International women’s Day is celebrated in the hopes to raise awareness about the challenges, struggles, and shocking inequality faced by women in every aspect of their lives. Degrading and intelligence-questioning-comments are slipped into normal conversations with such subtlety that it may take a while for the woman to realise that she was just subjected to humiliation.
But International women’s day is also meant to celebrate women’s history, highlight key events, milestones and achievements (which were made despite various obstacles), and aims to further promote and raise awareness of women’s rights and to achieve equal opportunity status in all walks of life.
The status of women throughout the world has been subject to many great changes over the past few millennia. Women have held high offices including that of the President, Prime Minister, Speaker, Leader of the opposition, Union ministers, chief ministers and governors.
Let’s look at the progress few of the many strong women – who were fortunate enough to get the opportunity – have made in various fields, and by doing so paved way to the present and coming generations.
Where have women taken the world in terms of…
Rajeshwari Chatterjee was the first woman engineer from Karnataka. In 1946, she was given a scholarship by the (then) Govt of Delhi to study abroad, and studied at the University of Michigan where she obtained her Master’s degree from the Department of Electrical Engineering. After obtaining a Ph.D degree, she returned to India and joined the Department of Electrical Communication Engineering at IISc as a faculty member where she along with her husband set up a microwave research laboratory where they did pioneering work on Microwave Engineering
Charusita Chakravarty was an Indian scientist and a chemistry professor at the Indian Institute of Technology.
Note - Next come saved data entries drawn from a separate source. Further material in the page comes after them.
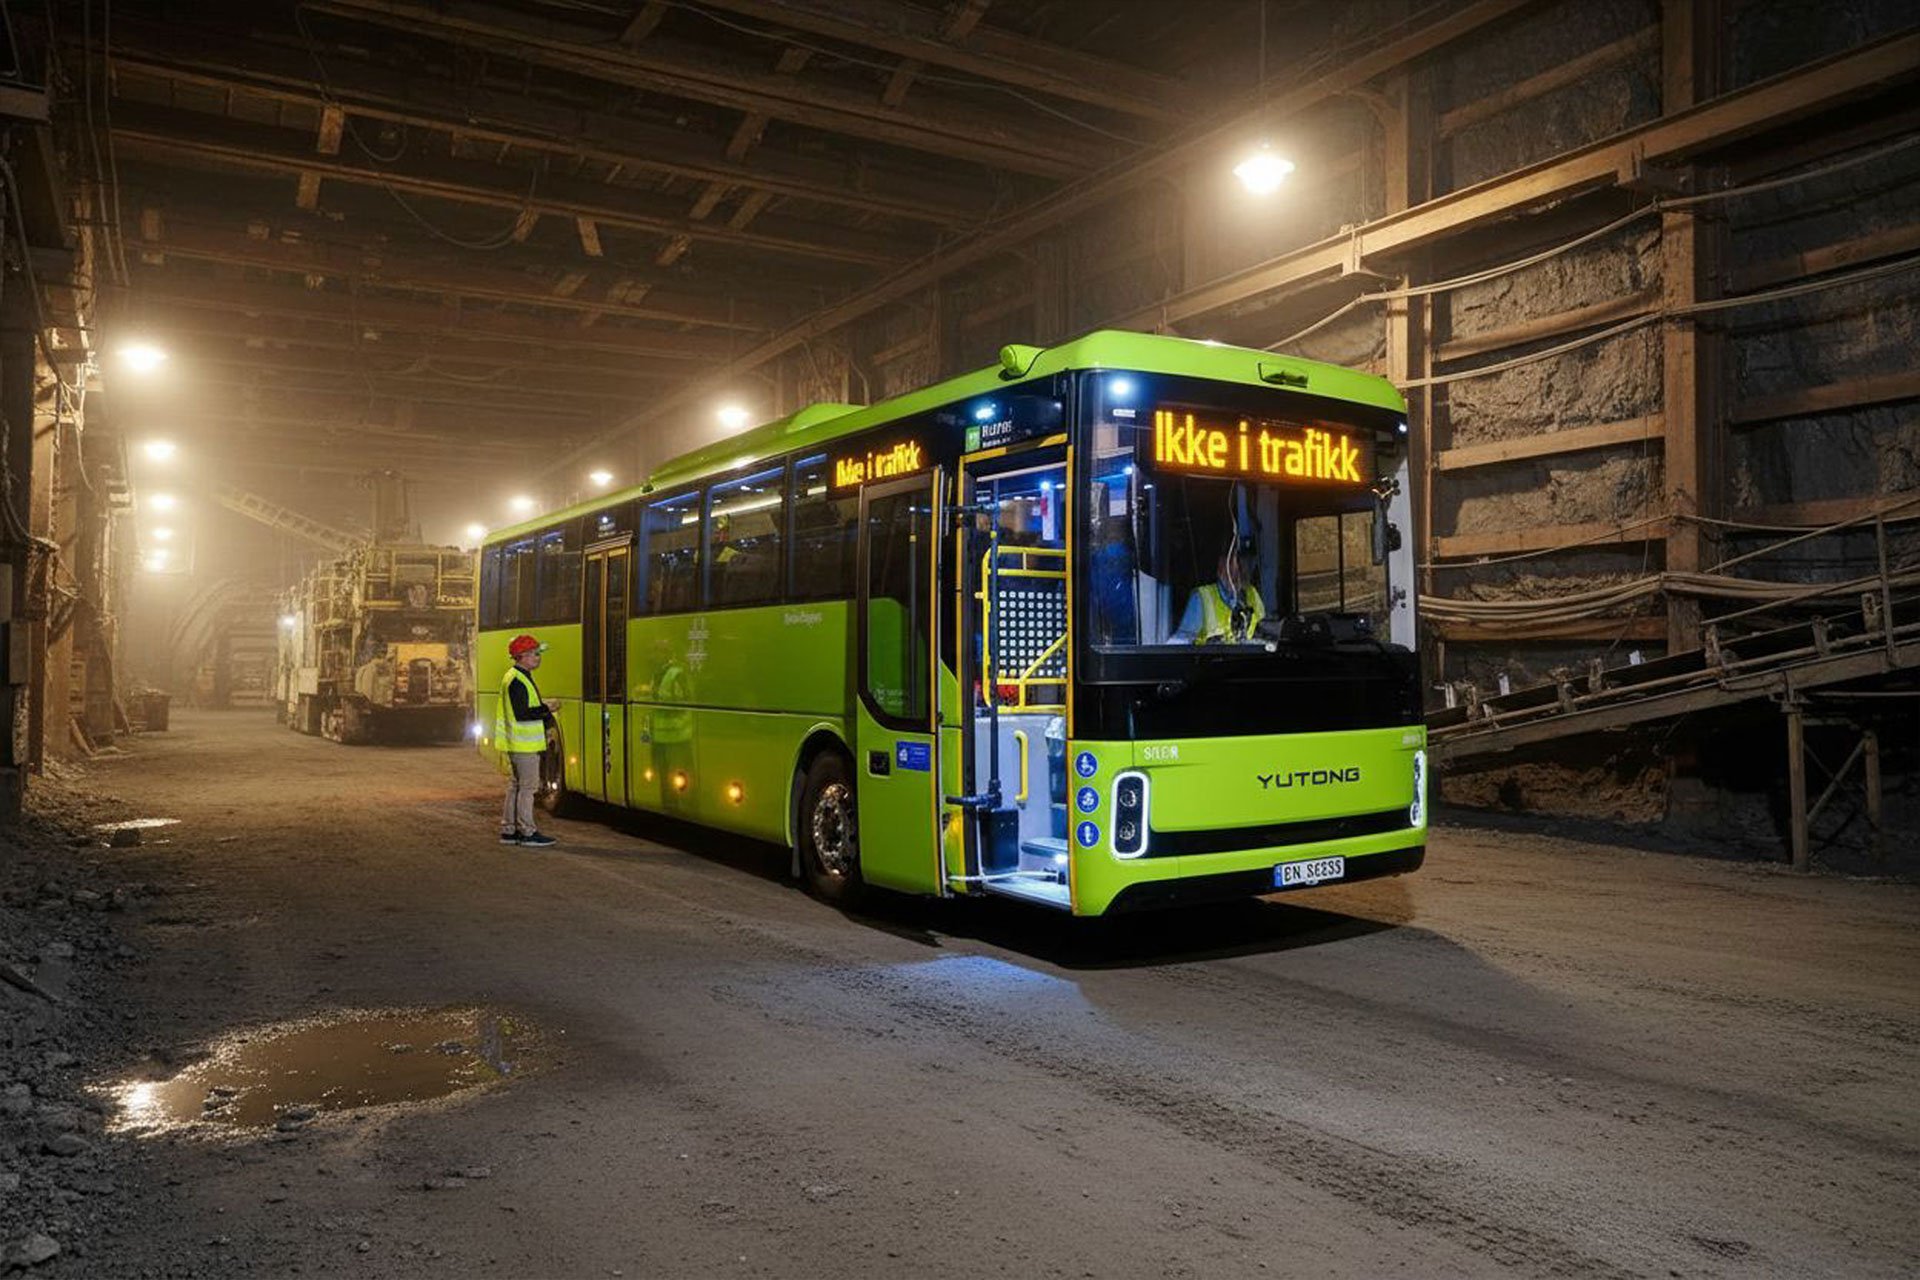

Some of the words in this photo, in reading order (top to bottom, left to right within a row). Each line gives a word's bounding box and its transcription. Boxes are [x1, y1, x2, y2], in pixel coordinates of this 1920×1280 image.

[1155, 410, 1228, 468] Ikke
[1239, 421, 1249, 472] i
[1259, 428, 1361, 483] trafikk
[867, 451, 873, 481] i
[1256, 766, 1360, 790] YUTONG
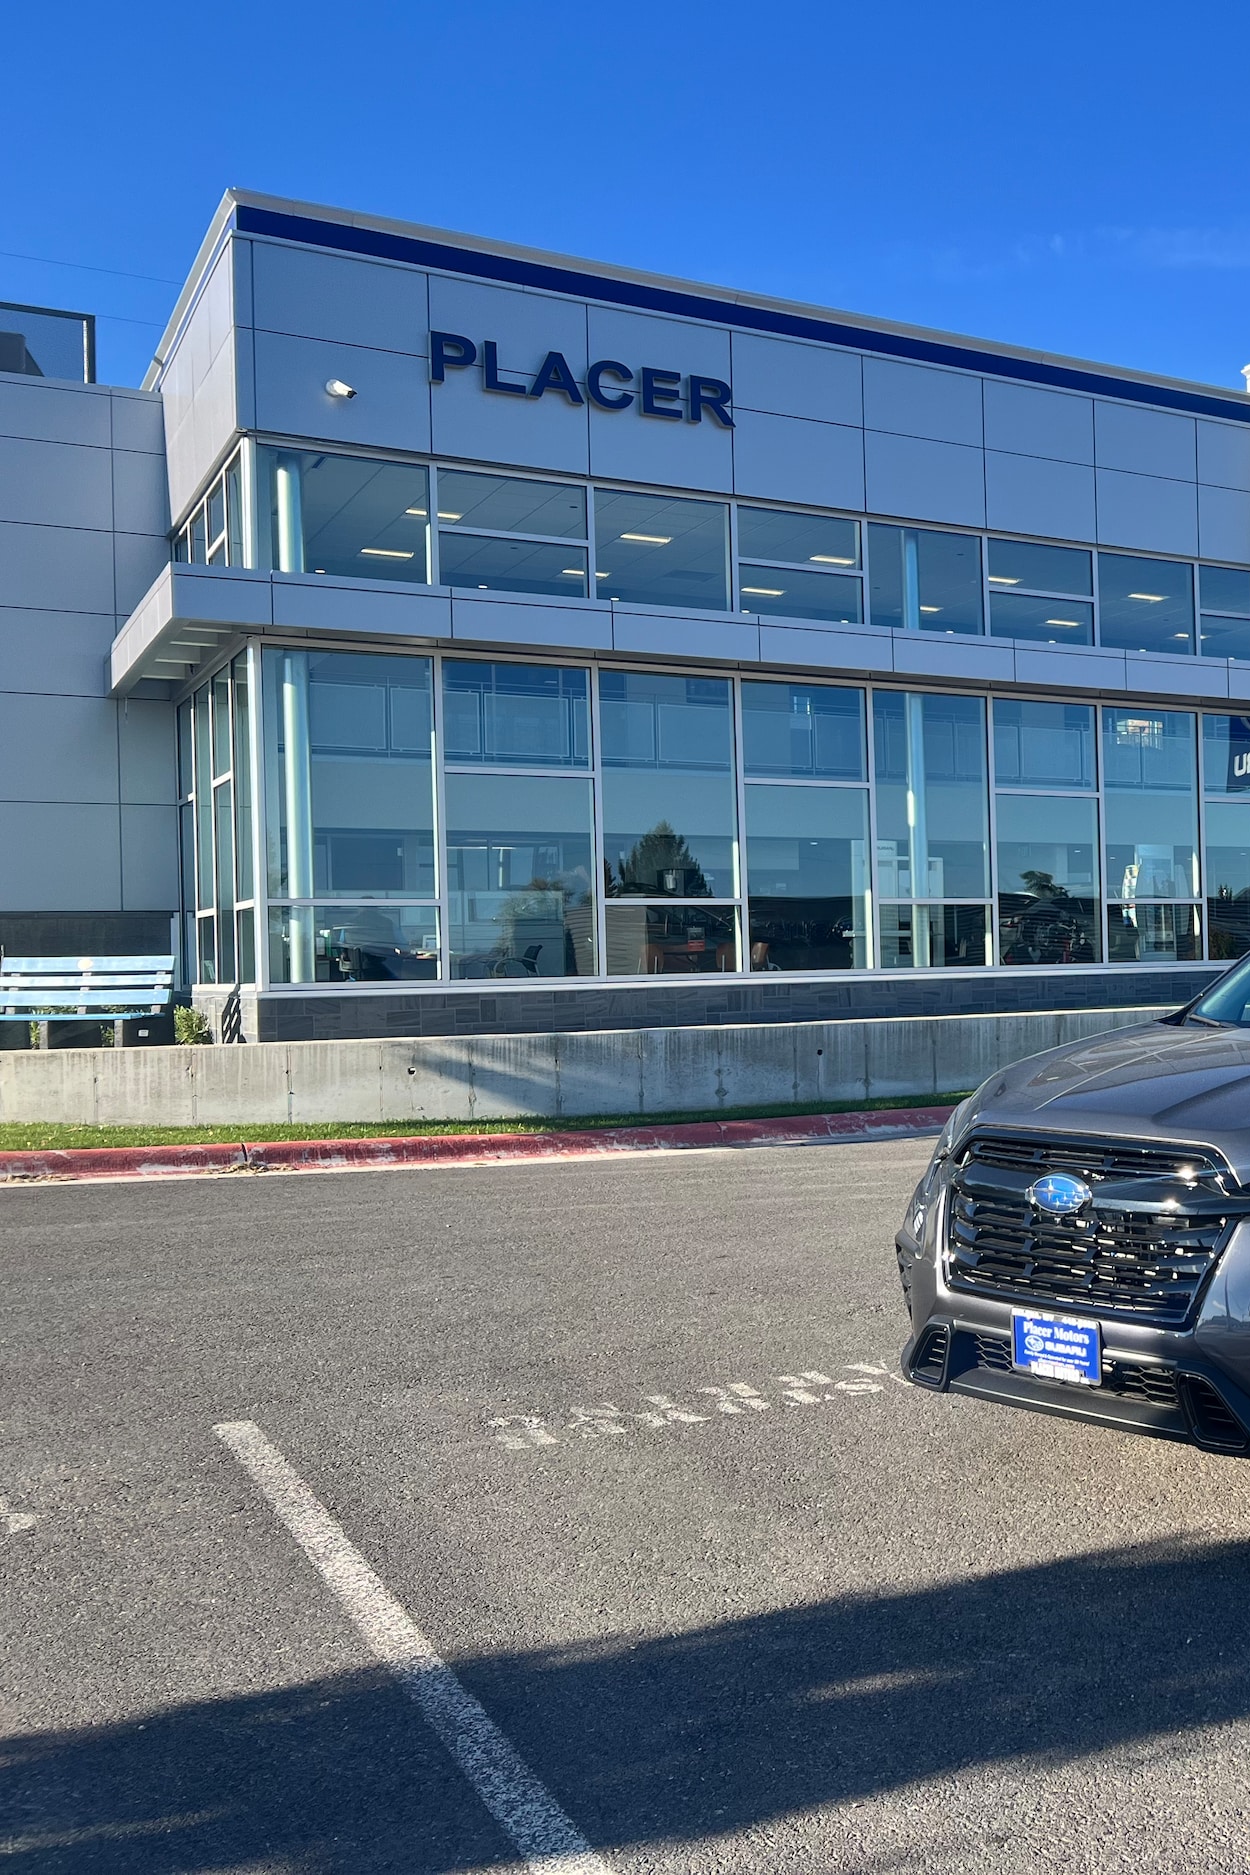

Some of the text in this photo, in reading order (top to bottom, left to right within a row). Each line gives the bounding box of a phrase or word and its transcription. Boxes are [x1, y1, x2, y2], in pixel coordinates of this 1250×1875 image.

She was awarded Shanti Swarup Bhatnagar Prize for Science and Technology, for the study of chemical science. She was also conferred with the B.M Birla Science Award.
In addition, Charusita also served as an Associate Member at the Jawaharlal Nehru Center for Advanced Scientific Research and Center for Computational Material Science, in Bangalore.
Jennifer Doudna is one of the most culturally significant scientists studying today. She helped developed CRISPR, the genetic-engineering method that may allow for ‘designer babies’ but also for the eradication or treatment of sickle cell anemia, cystic fibrosis, Huntington’s disease, and HIV. She is presently a professor at UC Berkeley.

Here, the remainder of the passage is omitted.